WHAT IS EXPECTED: For each entry below, please return its exact wording and leave out any picture.

═══ RECORDS FOR THIS TASK

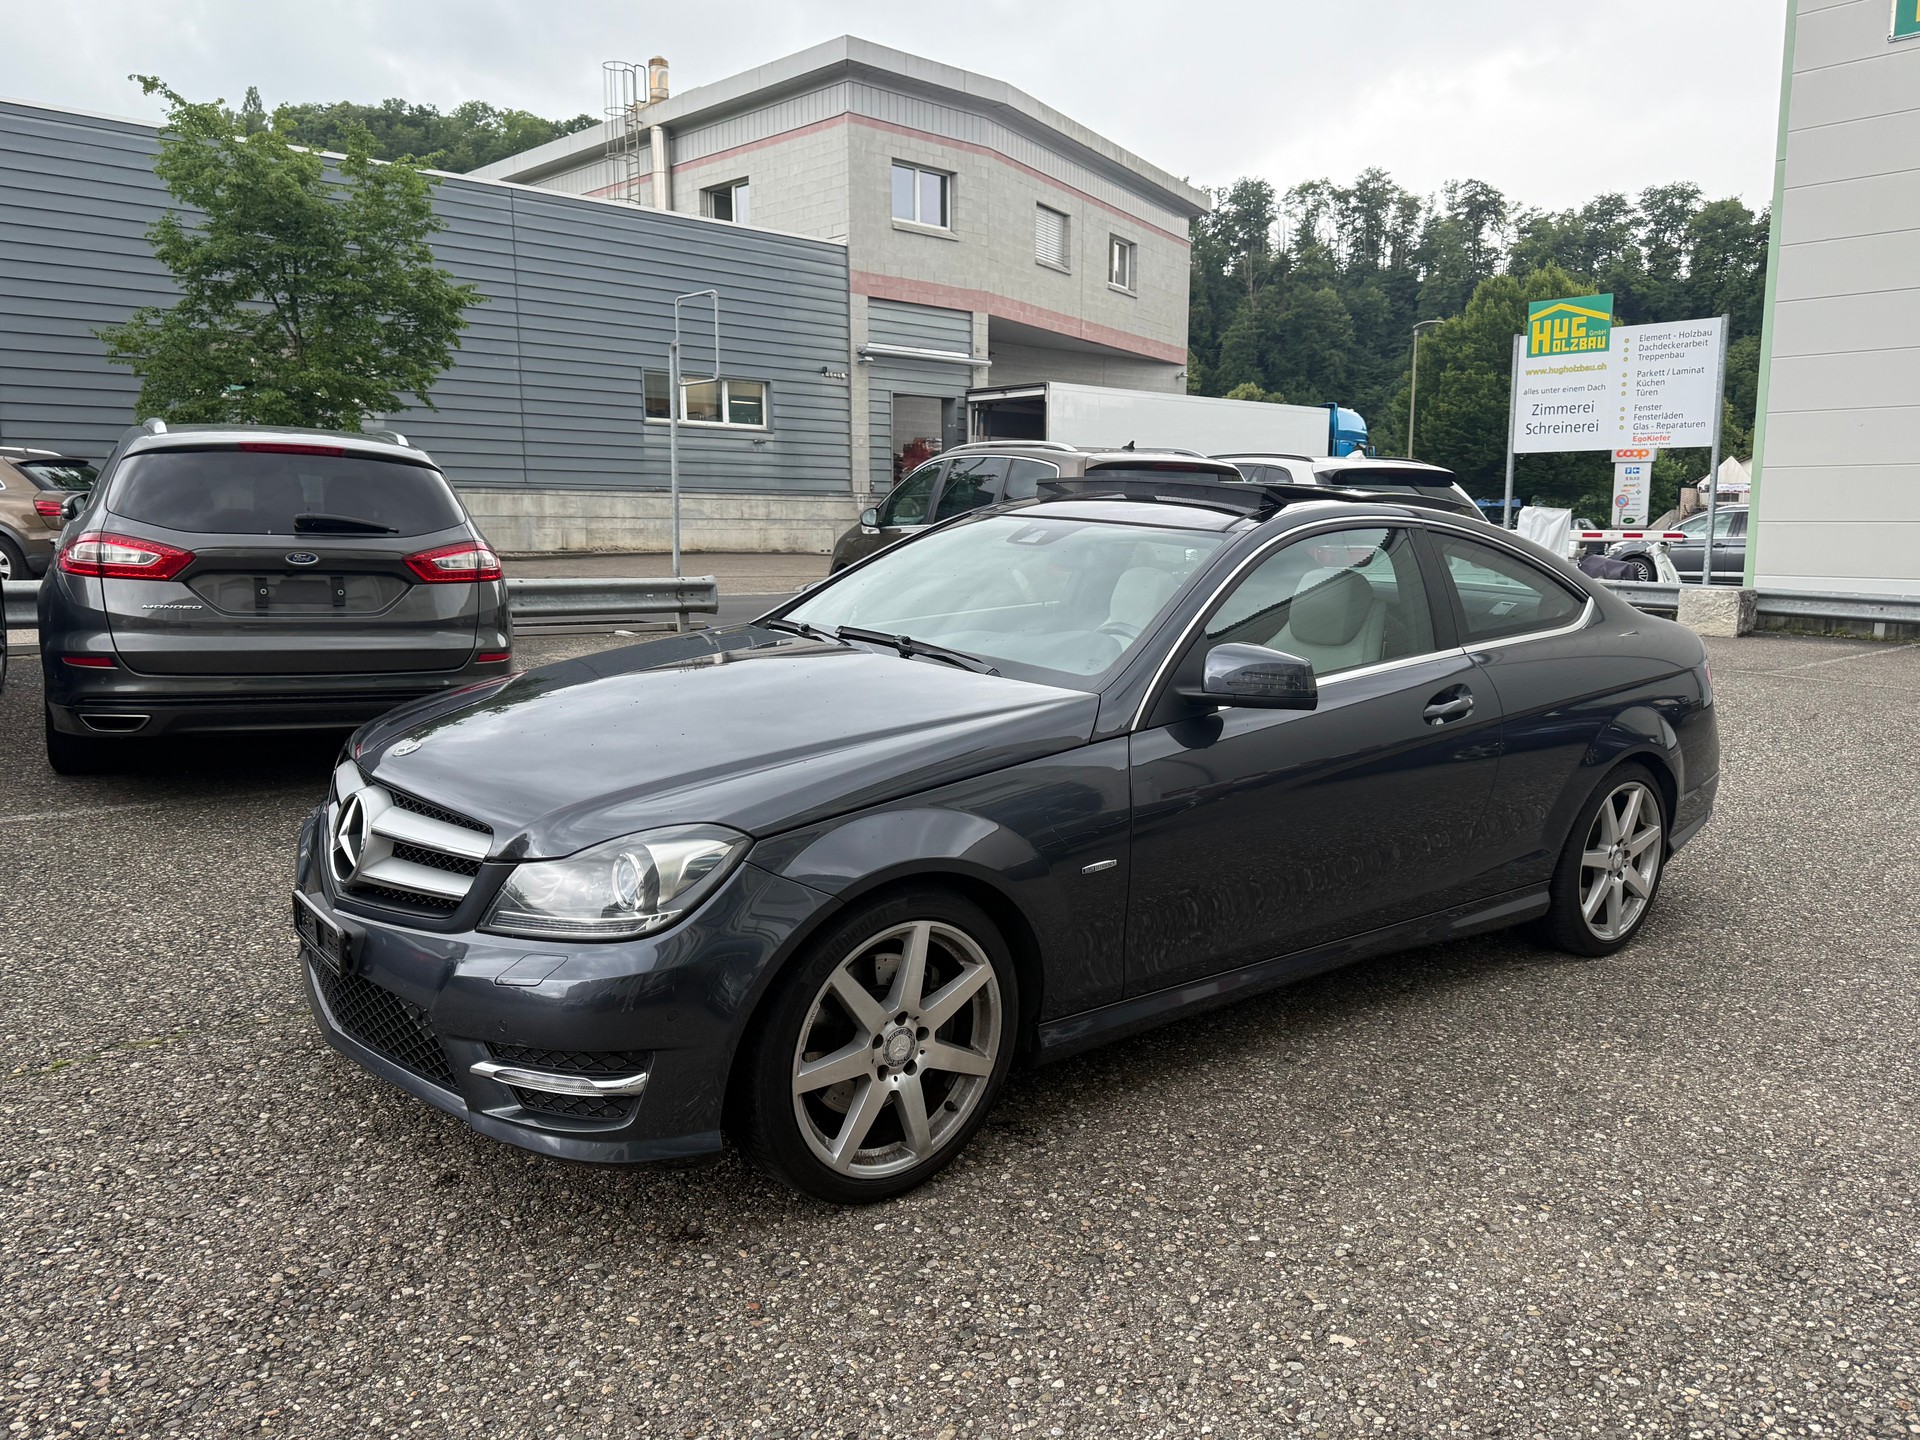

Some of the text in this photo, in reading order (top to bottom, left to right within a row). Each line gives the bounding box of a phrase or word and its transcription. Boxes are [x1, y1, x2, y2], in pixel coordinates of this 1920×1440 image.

[1531, 316, 1587, 354] HUG
[1640, 333, 1671, 342] Element
[1679, 330, 1713, 339] Holzbau
[1638, 339, 1708, 352] Dachdeckerarbeit
[1638, 352, 1685, 362] Treppenbau
[1525, 363, 1607, 376] www.hugholzbau.ch
[1637, 369, 1665, 378] Parkett
[1672, 366, 1705, 376] Laminat
[1636, 379, 1665, 387] Küchen
[1562, 385, 1585, 393] einem
[1636, 389, 1658, 397] Türen
[1531, 400, 1595, 416] Zimmerei
[1634, 404, 1662, 412] Fenster
[1633, 412, 1684, 421] Fensterläden
[1525, 419, 1599, 435] Schreinerei
[1632, 423, 1649, 431] Glas
[1656, 421, 1706, 430] Reparaturen
[1632, 435, 1671, 443] EgoKiefer
[1616, 449, 1649, 459] coop
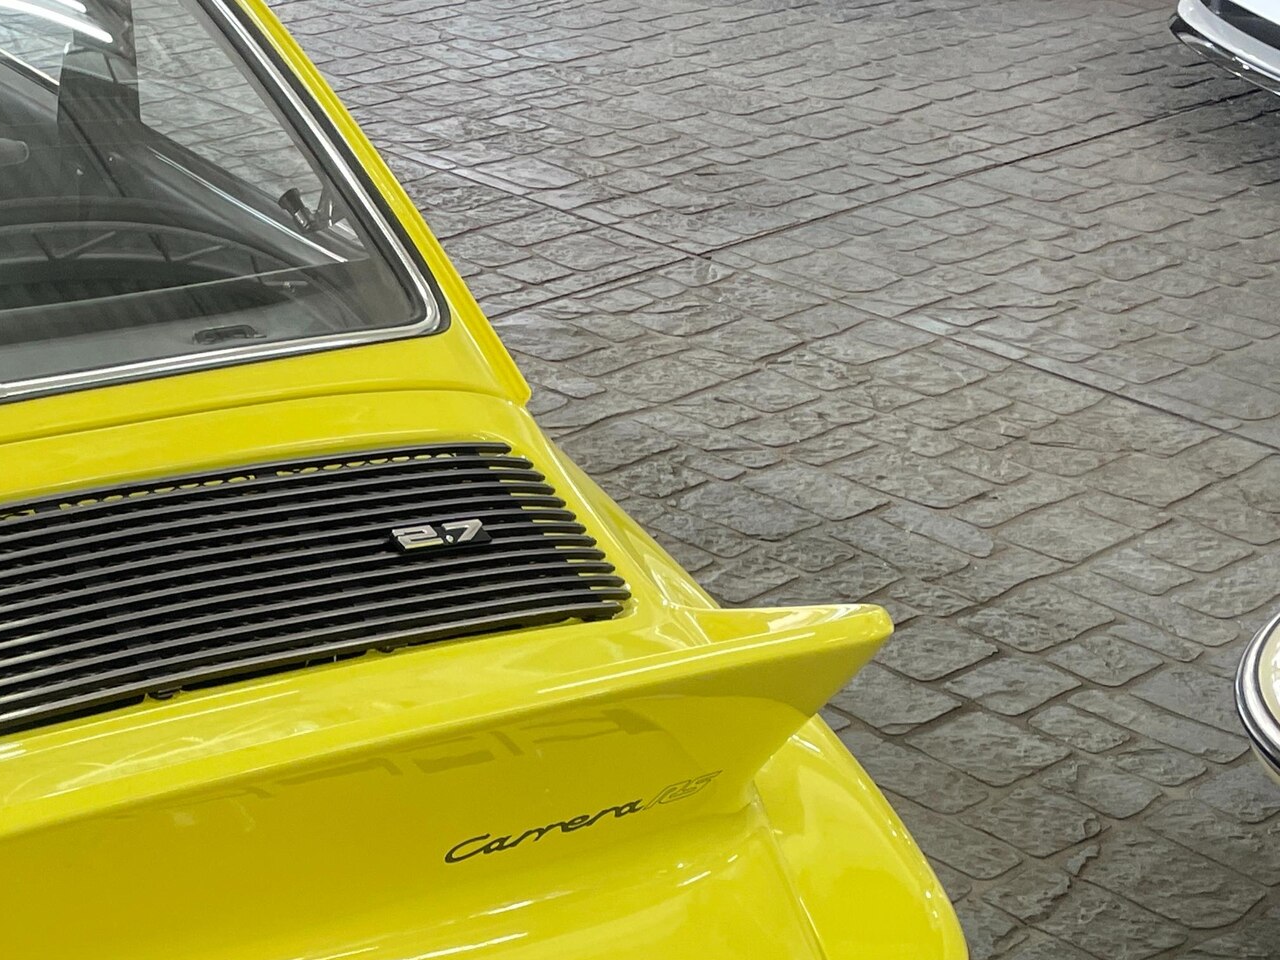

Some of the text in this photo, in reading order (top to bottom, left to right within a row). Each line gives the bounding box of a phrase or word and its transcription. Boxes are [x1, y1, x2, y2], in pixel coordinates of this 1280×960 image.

[391, 519, 483, 550] 2.7
[444, 769, 723, 864] Carrera RS
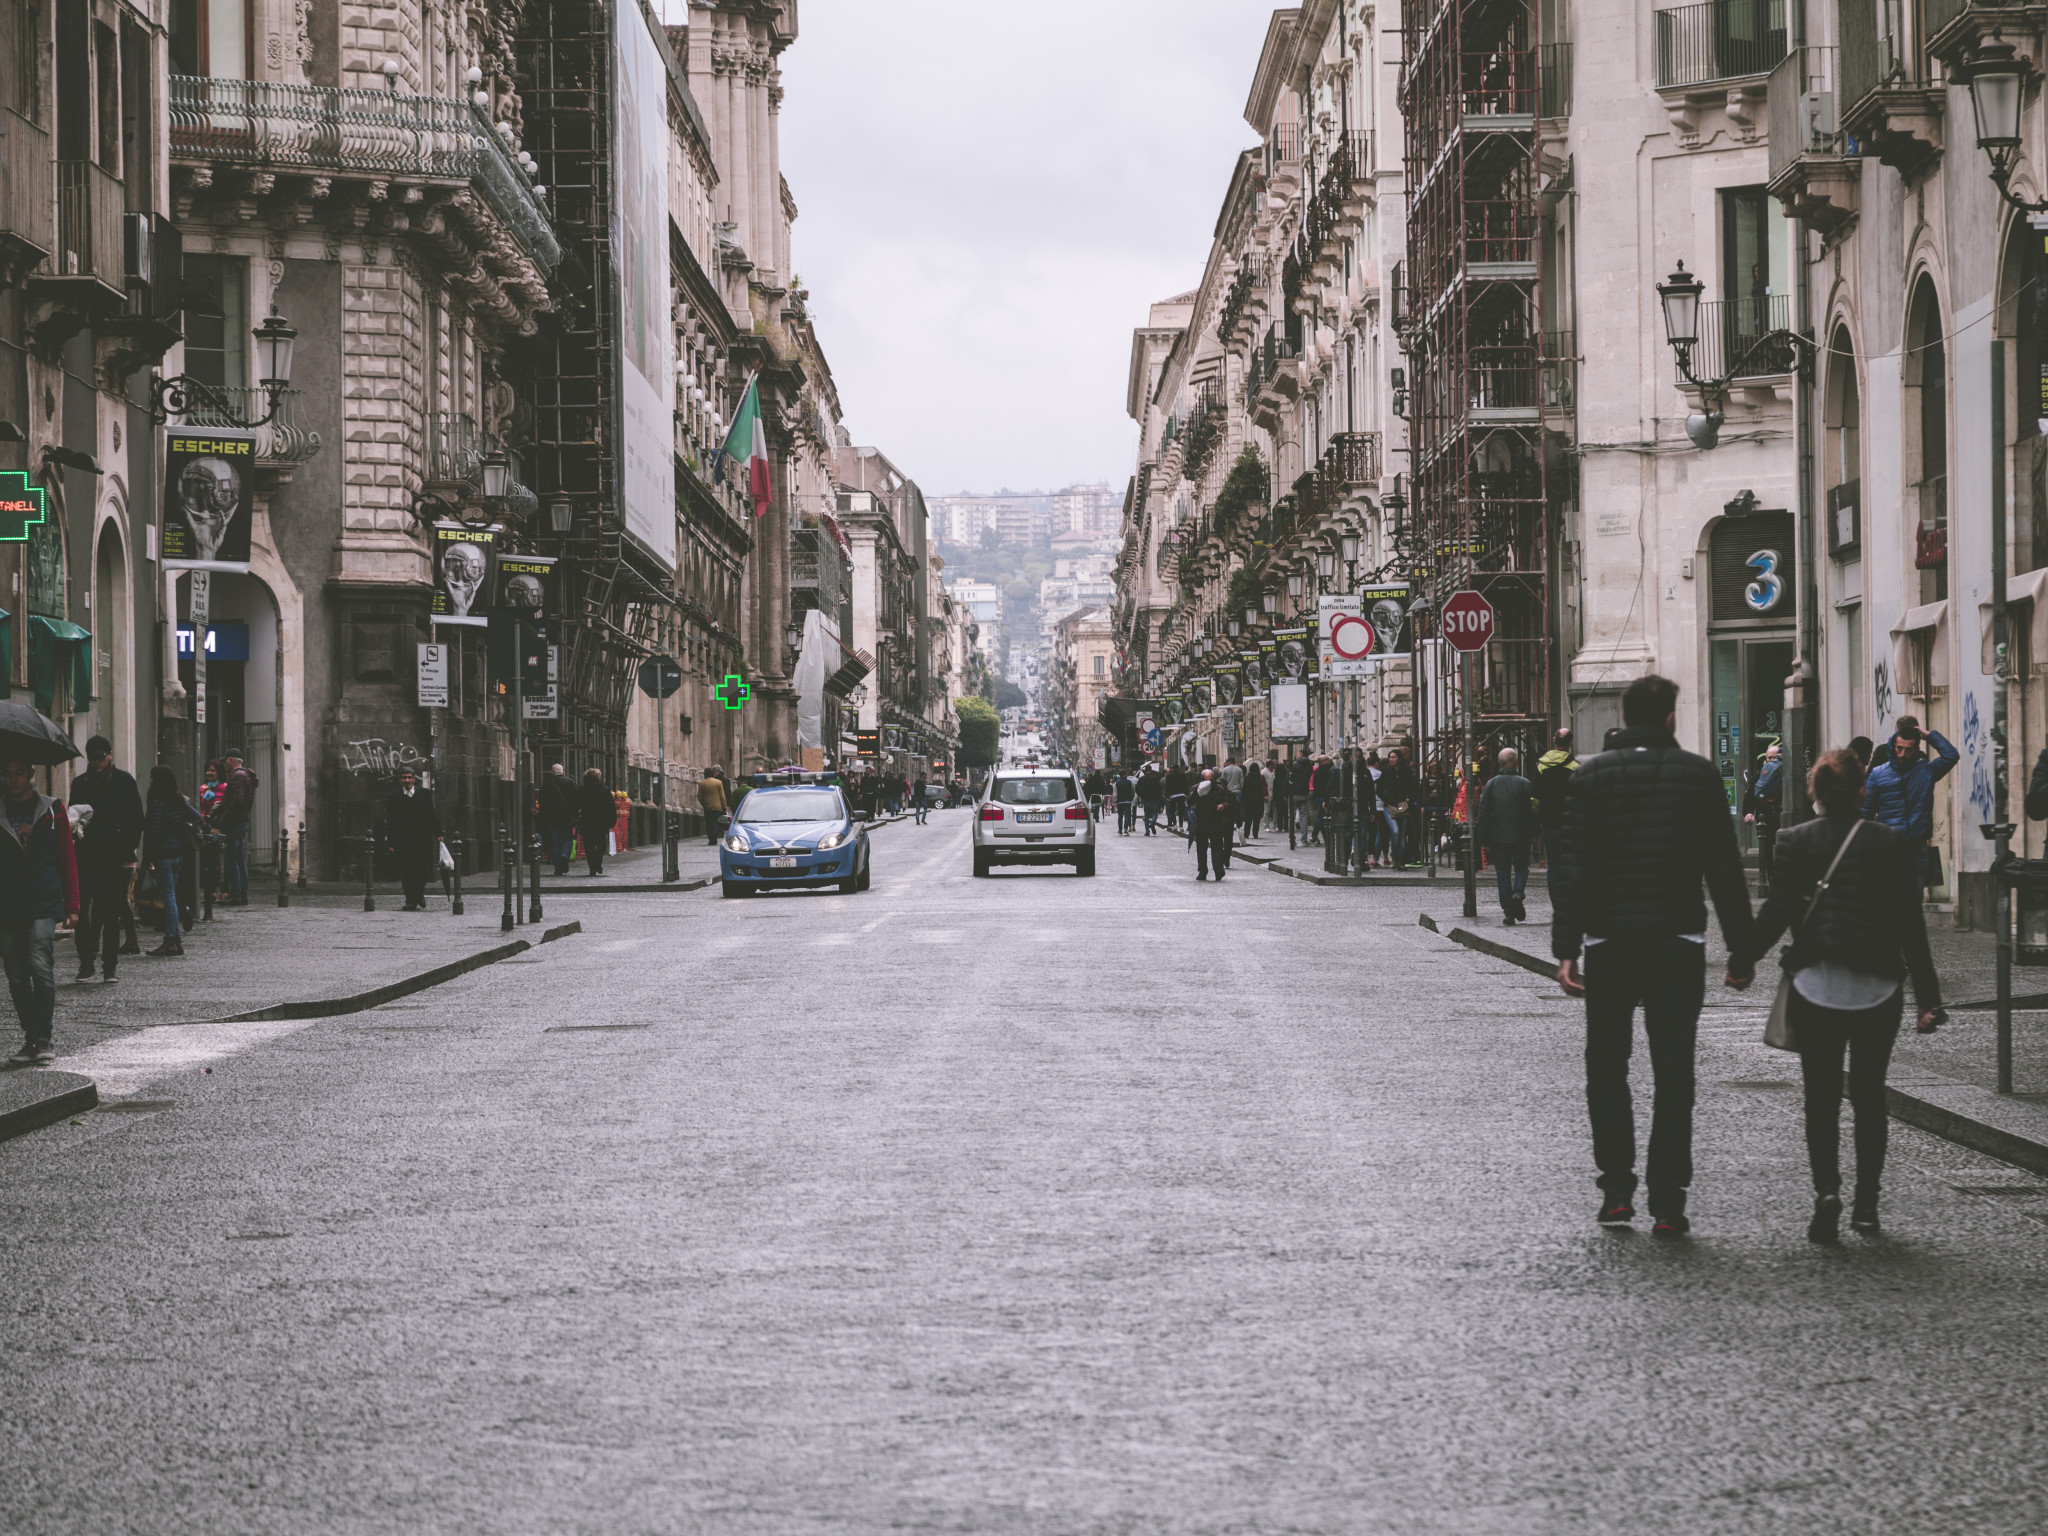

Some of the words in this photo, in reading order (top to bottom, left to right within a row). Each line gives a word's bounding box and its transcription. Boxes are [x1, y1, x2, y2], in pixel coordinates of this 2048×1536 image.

══════

RESULT FOR THIS TASK:
Some of the text in this photo, in reading order (top to bottom, left to right within a row). Each line gives the bounding box of a phrase or word and its transcription. Boxes are [x1, y1, x2, y2], in pixel coordinates of this 1920×1440 image.

[1531, 316, 1587, 354] HUG
[1640, 333, 1671, 342] Element
[1679, 330, 1713, 339] Holzbau
[1638, 339, 1708, 352] Dachdeckerarbeit
[1638, 352, 1685, 362] Treppenbau
[1525, 363, 1607, 376] www.hugholzbau.ch
[1637, 369, 1665, 378] Parkett
[1672, 366, 1705, 376] Laminat
[1636, 379, 1665, 387] Küchen
[1562, 385, 1585, 393] einem
[1636, 389, 1658, 397] Türen
[1531, 400, 1595, 416] Zimmerei
[1634, 404, 1662, 412] Fenster
[1633, 412, 1684, 421] Fensterläden
[1525, 419, 1599, 435] Schreinerei
[1632, 423, 1649, 431] Glas
[1656, 421, 1706, 430] Reparaturen
[1632, 435, 1671, 443] EgoKiefer
[1616, 449, 1649, 459] coop

Some of the text in this photo, in reading order (top to bottom, left to right within a row). Each line gives the bounding box of a phrase or word and its transcription. Boxes are [x1, y1, x2, y2], in pixel coordinates of this 1280×960 image.

[391, 519, 483, 550] 2.7
[444, 769, 723, 864] Carrera RS

Some of the words in this photo, in reading order (top to bottom, left to right within a row). Each line gives a word's bounding box and its transcription. Boxes are [x1, y1, x2, y2], in pixel coordinates of this 2048×1536 image.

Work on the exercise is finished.